• TO DO:
Copy each line below word for word and drop every image.

== SUPPLIED DATA

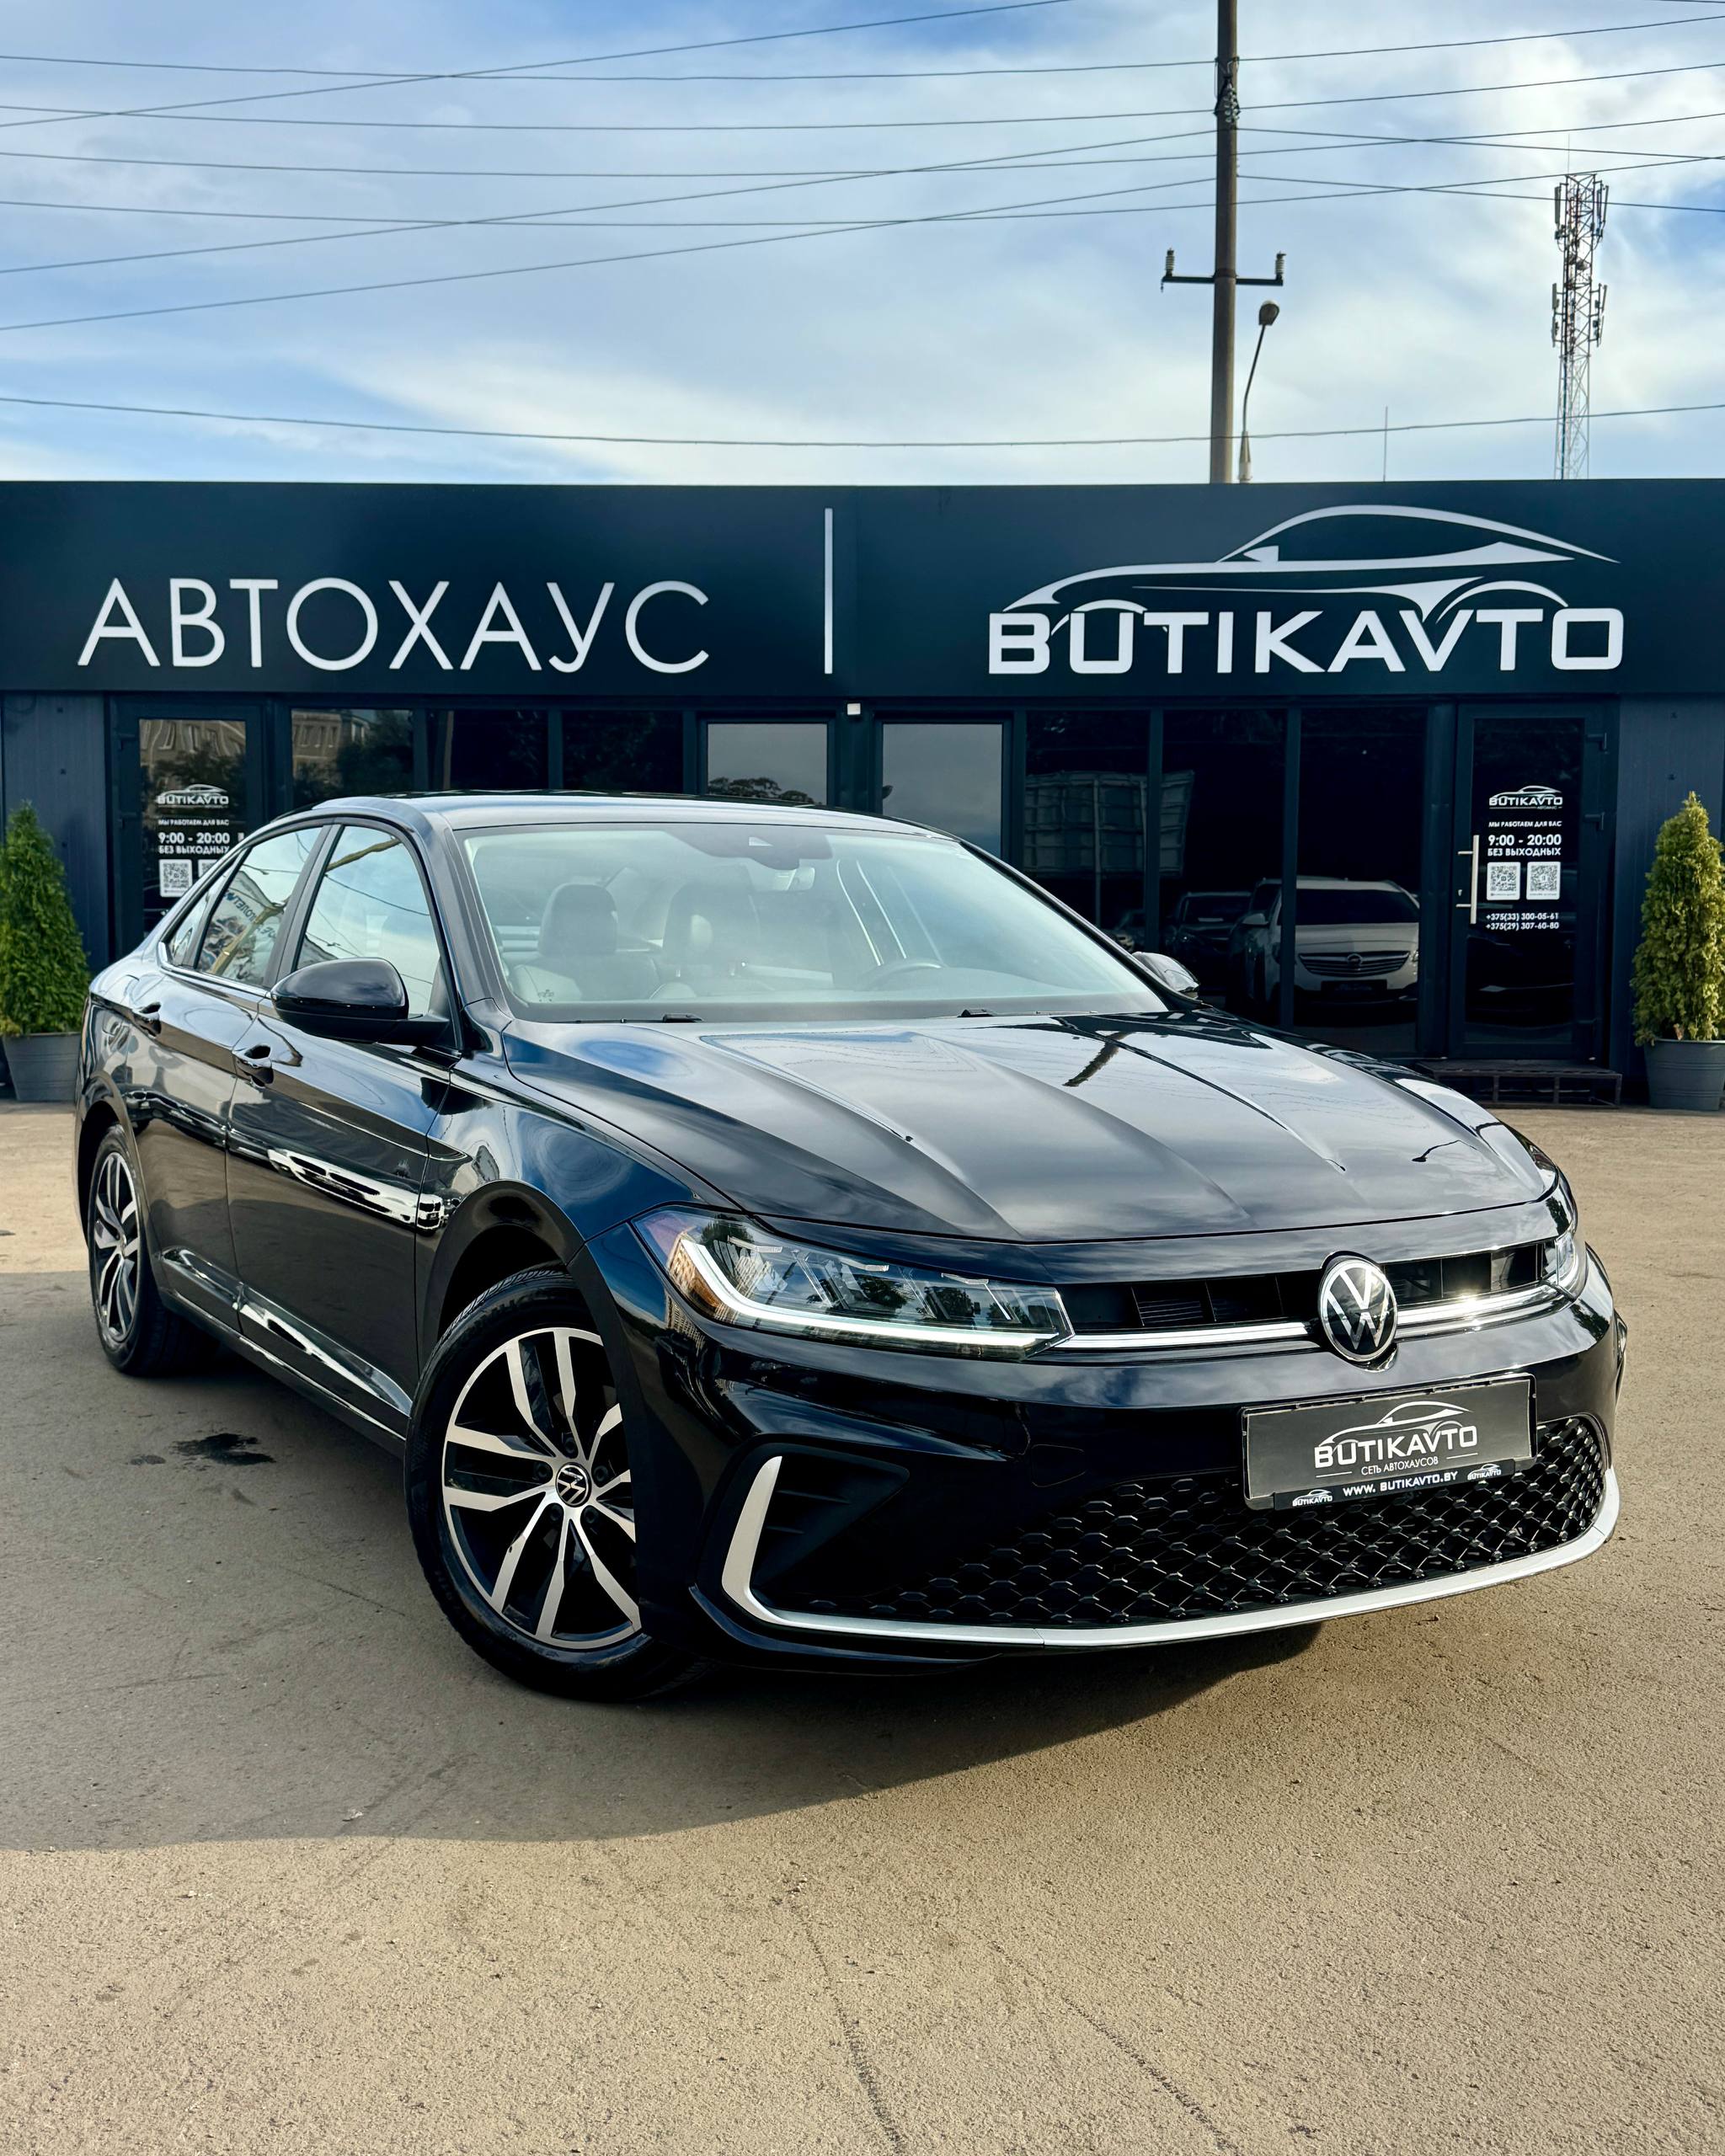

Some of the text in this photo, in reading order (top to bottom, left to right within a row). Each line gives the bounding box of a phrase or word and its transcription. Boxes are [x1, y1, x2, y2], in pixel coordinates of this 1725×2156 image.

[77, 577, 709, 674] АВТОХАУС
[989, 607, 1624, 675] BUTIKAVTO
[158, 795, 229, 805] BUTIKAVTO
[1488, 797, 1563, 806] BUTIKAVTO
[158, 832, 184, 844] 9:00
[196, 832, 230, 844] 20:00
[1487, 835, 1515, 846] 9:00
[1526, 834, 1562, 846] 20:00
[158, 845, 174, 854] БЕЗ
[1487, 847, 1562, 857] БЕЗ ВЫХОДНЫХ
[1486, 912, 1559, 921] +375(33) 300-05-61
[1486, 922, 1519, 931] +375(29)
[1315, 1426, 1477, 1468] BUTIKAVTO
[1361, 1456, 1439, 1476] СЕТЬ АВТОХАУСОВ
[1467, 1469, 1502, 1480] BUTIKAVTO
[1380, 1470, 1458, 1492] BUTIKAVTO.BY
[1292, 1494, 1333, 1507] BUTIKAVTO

====

• RESULT BELOW:
Some of the text in this photo, in reading order (top to bottom, left to right within a row). Each line gives the bounding box of a phrase or word and its transcription. Boxes are [x1, y1, x2, y2], in pixel coordinates of this 1725×2156 image.

[77, 577, 709, 674] АВТОХАУС
[989, 607, 1624, 675] BUTIKAVTO
[158, 795, 229, 805] BUTIKAVTO
[1488, 797, 1563, 806] BUTIKAVTO
[158, 832, 184, 844] 9:00
[196, 832, 230, 844] 20:00
[1487, 835, 1515, 846] 9:00
[1526, 834, 1562, 846] 20:00
[158, 845, 174, 854] БЕЗ
[1487, 847, 1562, 857] БЕЗ ВЫХОДНЫХ
[1486, 912, 1559, 921] +375(33) 300-05-61
[1486, 922, 1519, 931] +375(29)
[1315, 1426, 1477, 1468] BUTIKAVTO
[1361, 1456, 1439, 1476] СЕТЬ АВТОХАУСОВ
[1467, 1469, 1502, 1480] BUTIKAVTO
[1380, 1470, 1458, 1492] BUTIKAVTO.BY
[1292, 1494, 1333, 1507] BUTIKAVTO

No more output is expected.